# Lightning Tour

## Get Tokens, Noun Chunks, and Sentences

- .text
- .noun_chunks
- .sents

In [1]:
import spacy
nlp = spacy.load('en_core_web_sm')

doc = nlp("Huckleberry is the greatest dog in the world. He runs fast, is super chill, and smells like cinnamon.")
print(doc.text, '\n')

#tokens with the .text attribute
print(doc[0].text)
print(doc[10:14].text, '\n')

#noun chunks with .noun_chunks attribute
noun_chunks = list(doc.noun_chunks)
print(noun_chunks, '\n')

#sentence with .sents attribute
sentences = list(doc.sents)
print(sentences[1])


#sents + noun chunks
print(list(sentences[1].noun_chunks))

Huckleberry is the greatest dog in the world. He runs fast, is super chill, and smells like cinnamon. 

Huckleberry
runs fast, is 

[Huckleberry, the greatest dog, the world, He, cinnamon] 
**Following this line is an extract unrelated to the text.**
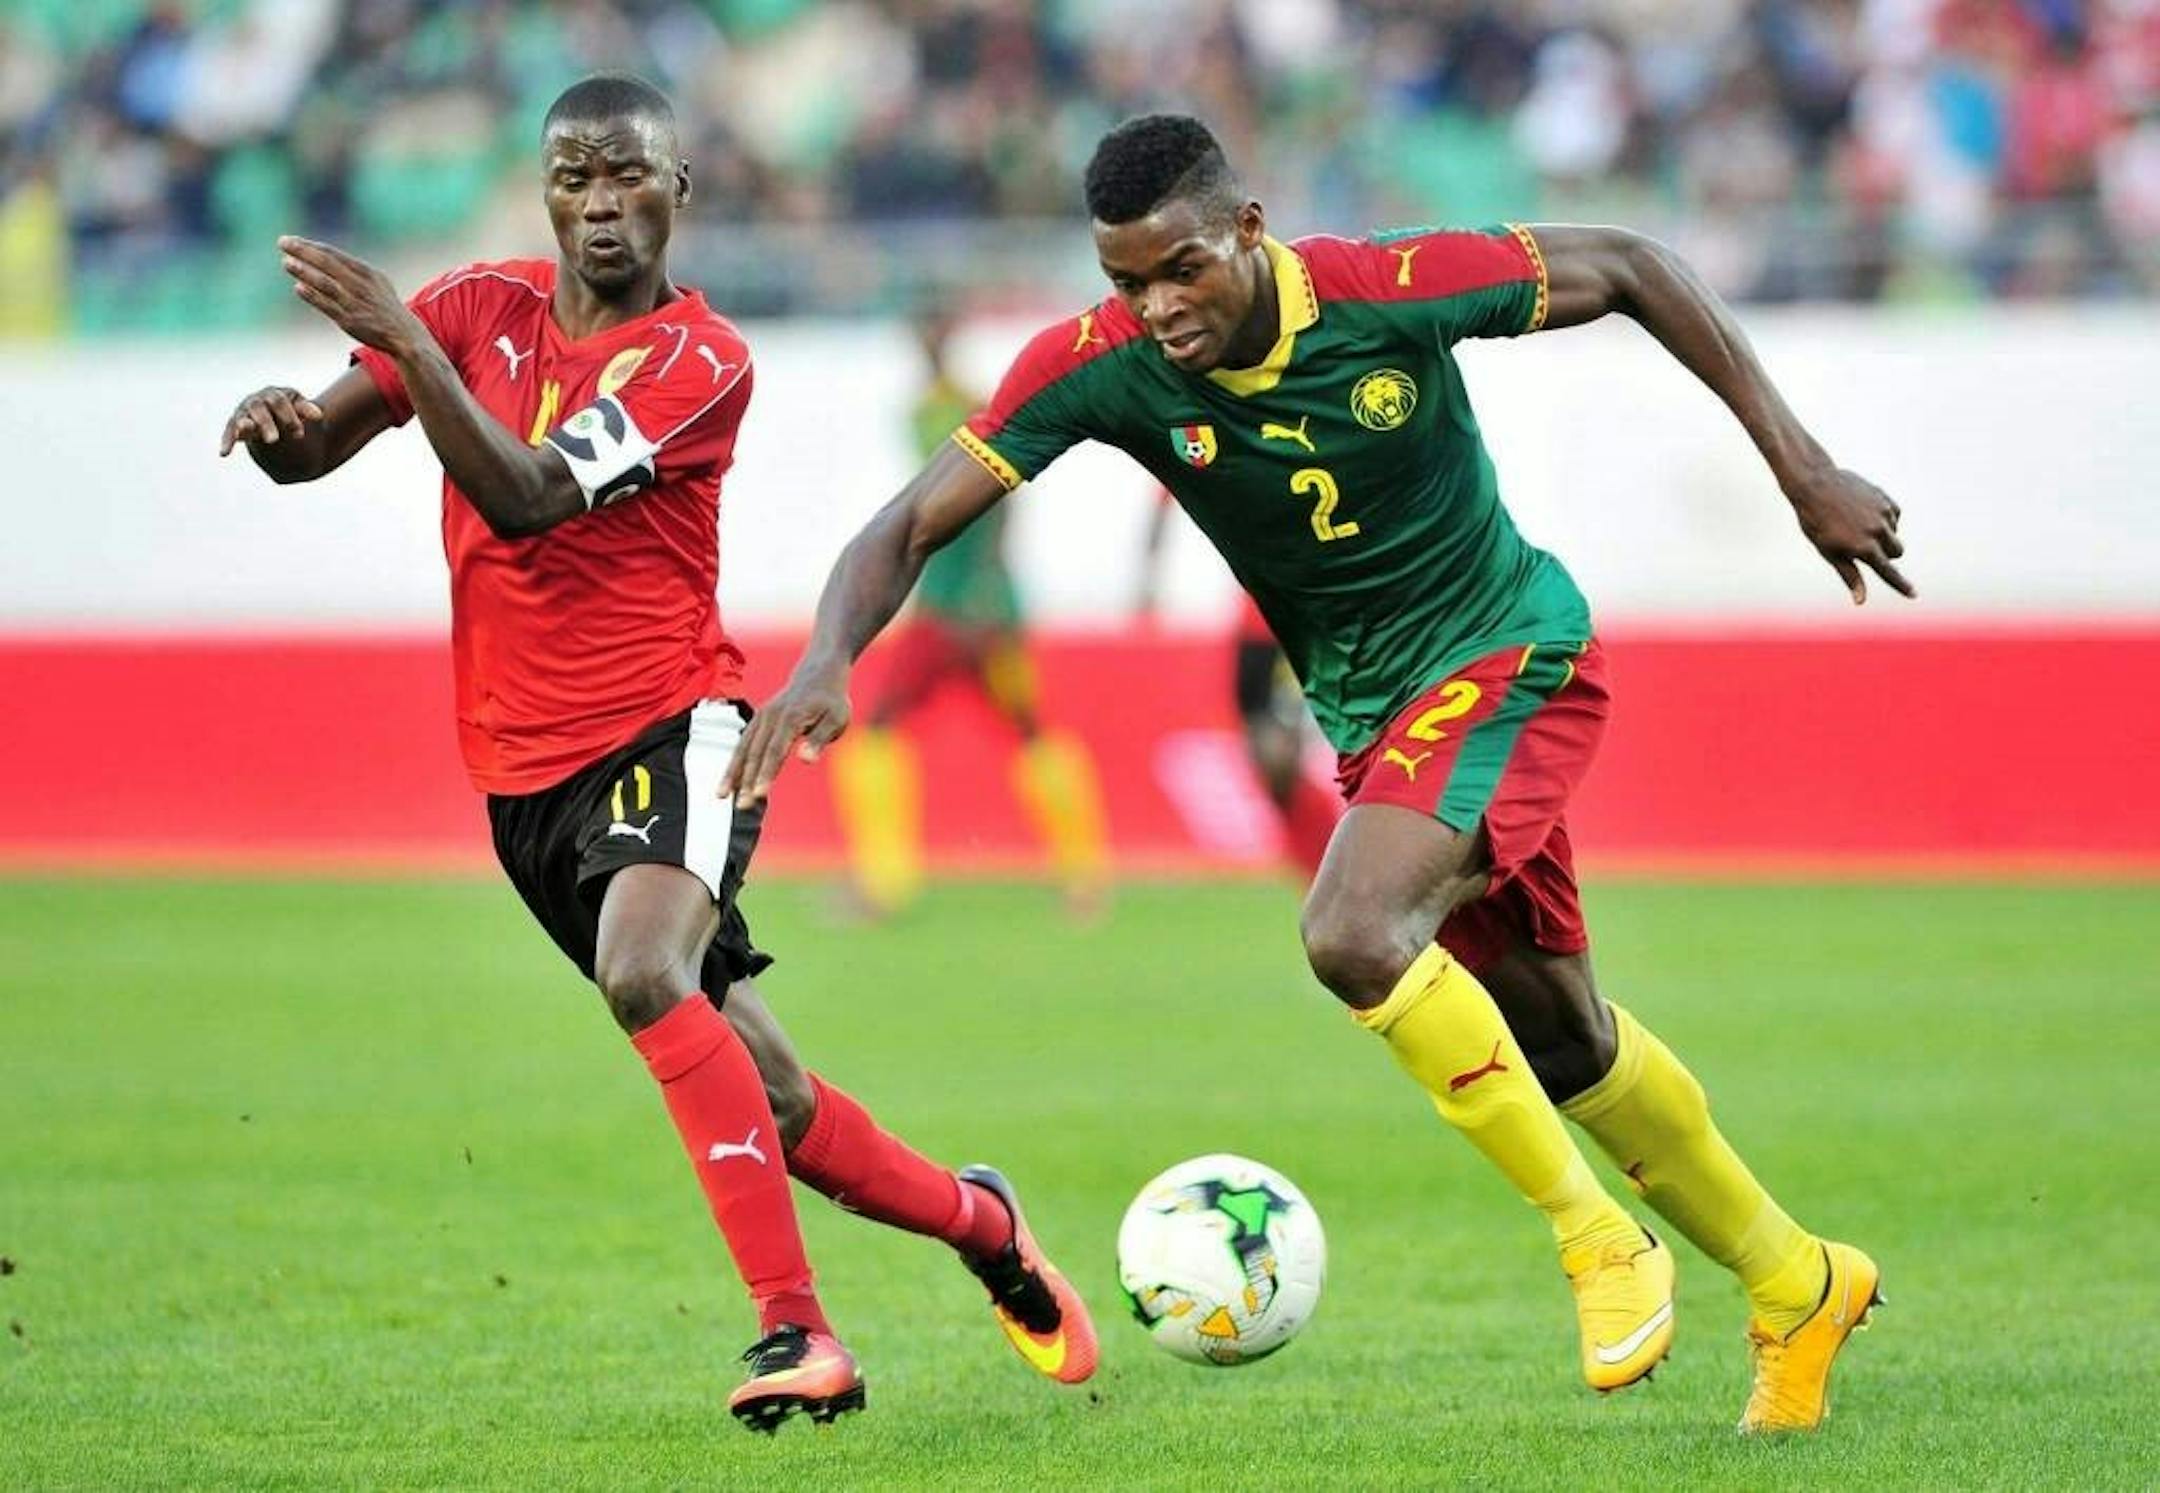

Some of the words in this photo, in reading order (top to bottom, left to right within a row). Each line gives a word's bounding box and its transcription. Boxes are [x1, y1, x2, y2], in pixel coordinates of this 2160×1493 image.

[1289, 468, 1360, 542] 2
[1405, 680, 1482, 742] 2
[610, 764, 652, 823] 11
He runs fast, is super chill, and smells like cinnamon.
[He, cinnamon]


## Parts of Speech Tags

In [2]:
doc = nlp("The sandalwood strapped to the ceiling.")
print(doc.text, '\n')


print ("Word: ", doc[1].text)
print("POS Tag: ", doc[1].pos_, doc[1].pos)
print("Word Shape: ", doc[1].shape_, doc[1].shape)


The sandalwood strapped to the ceiling. 

Word:  sandalwood
POS Tag:  NOUN 91
Word Shape:  xxxx 13110060611322374290


## Recognize Named Entities

In [3]:
doc = nlp(u'San Francisco considers banning sidewalk delivery robots')
for ent in doc.ents:
    print(ent.text, ent.start_char, ent.end_char, ent.label_)
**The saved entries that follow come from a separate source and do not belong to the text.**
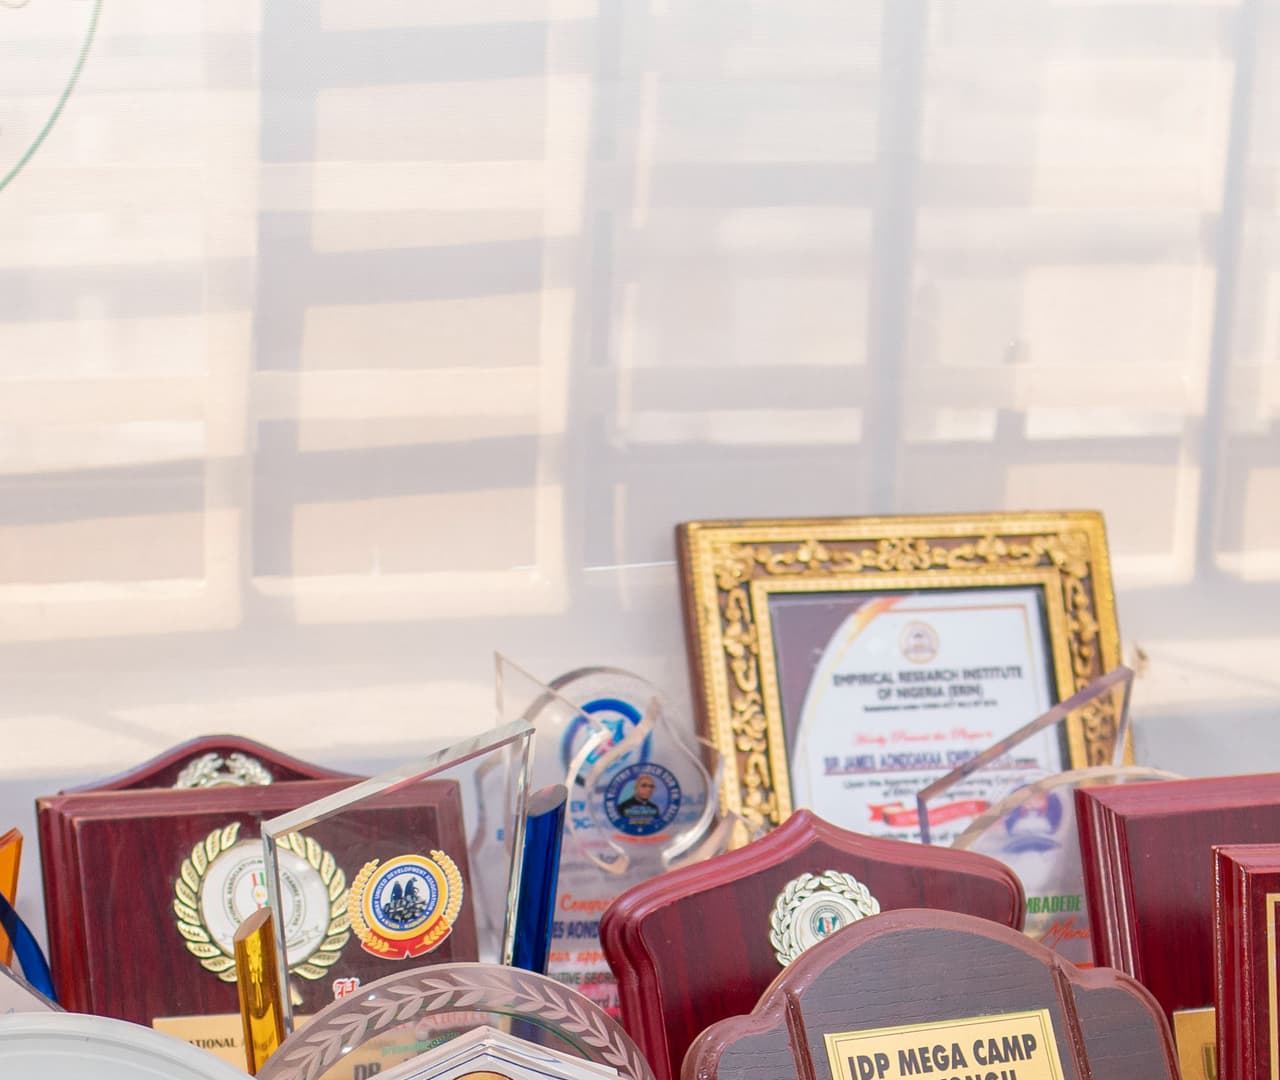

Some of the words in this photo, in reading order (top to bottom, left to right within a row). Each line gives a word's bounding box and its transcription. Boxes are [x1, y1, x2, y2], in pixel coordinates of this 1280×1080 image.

[833, 672, 894, 687] EMPIRICAL
[898, 669, 959, 683] RESEARCH
[963, 666, 1023, 680] INSTITUTE
[877, 688, 892, 700] OF
[896, 686, 944, 698] NIGERIA
[898, 1043, 968, 1077] MEGA
[972, 1033, 1037, 1066] CAMP
from spacy.tokens import Span
doc = nlp(u'FB is hiring a new VP of global policy')
doc.ents = [Span(doc, 0, 1, label=doc.vocab.strings[u'ORG'])]
for ent in doc.ents:
    print(ent.text, ent.start_char, ent.end_char, ent.label_)

San Francisco 0 13 GPE
FB 0 2 ORG


## Visualize a Dependency Parse

## Word Vectors and Similarity

In [6]:
nlp2 = spacy.load('en_core_web_md')
doc = nlp2("Wood and banana are the fuel of life.")

wood = doc[0]
banana = doc[2]
fuel = doc[5]
life = doc[7]

print('wood : banana ', wood.similarity(banana))
print ('wood: ', wood.has_vector,'\n banana: ', banana.has_vector)

wood : banana  0.2815443
wood:  True 
 banana:  True


## Serialization (Saving)


In [9]:
doc = nlp2("Huckleberry is the best dog in the world")
print(doc.text)

#Need to get this to work

Huckleberry is the best dog in the world


## Match Text with Token Rules
???
Need to figure out fuzzy matching ASAP

In [11]:
from spacy.matcher import Matcher
matcher  =  Matcher(nlp.vocab)
pattern = [{'ORTH':'Woman'}]
matcher.add("woman", None, pattern)

doc= nlp('woman, Woman, women')
matches = matcher(doc)

for idx, strt, end in matches:
    string = nlp.vocab.strings[idx]
    span = doc[strt:end]
    print(string, span)

woman Woman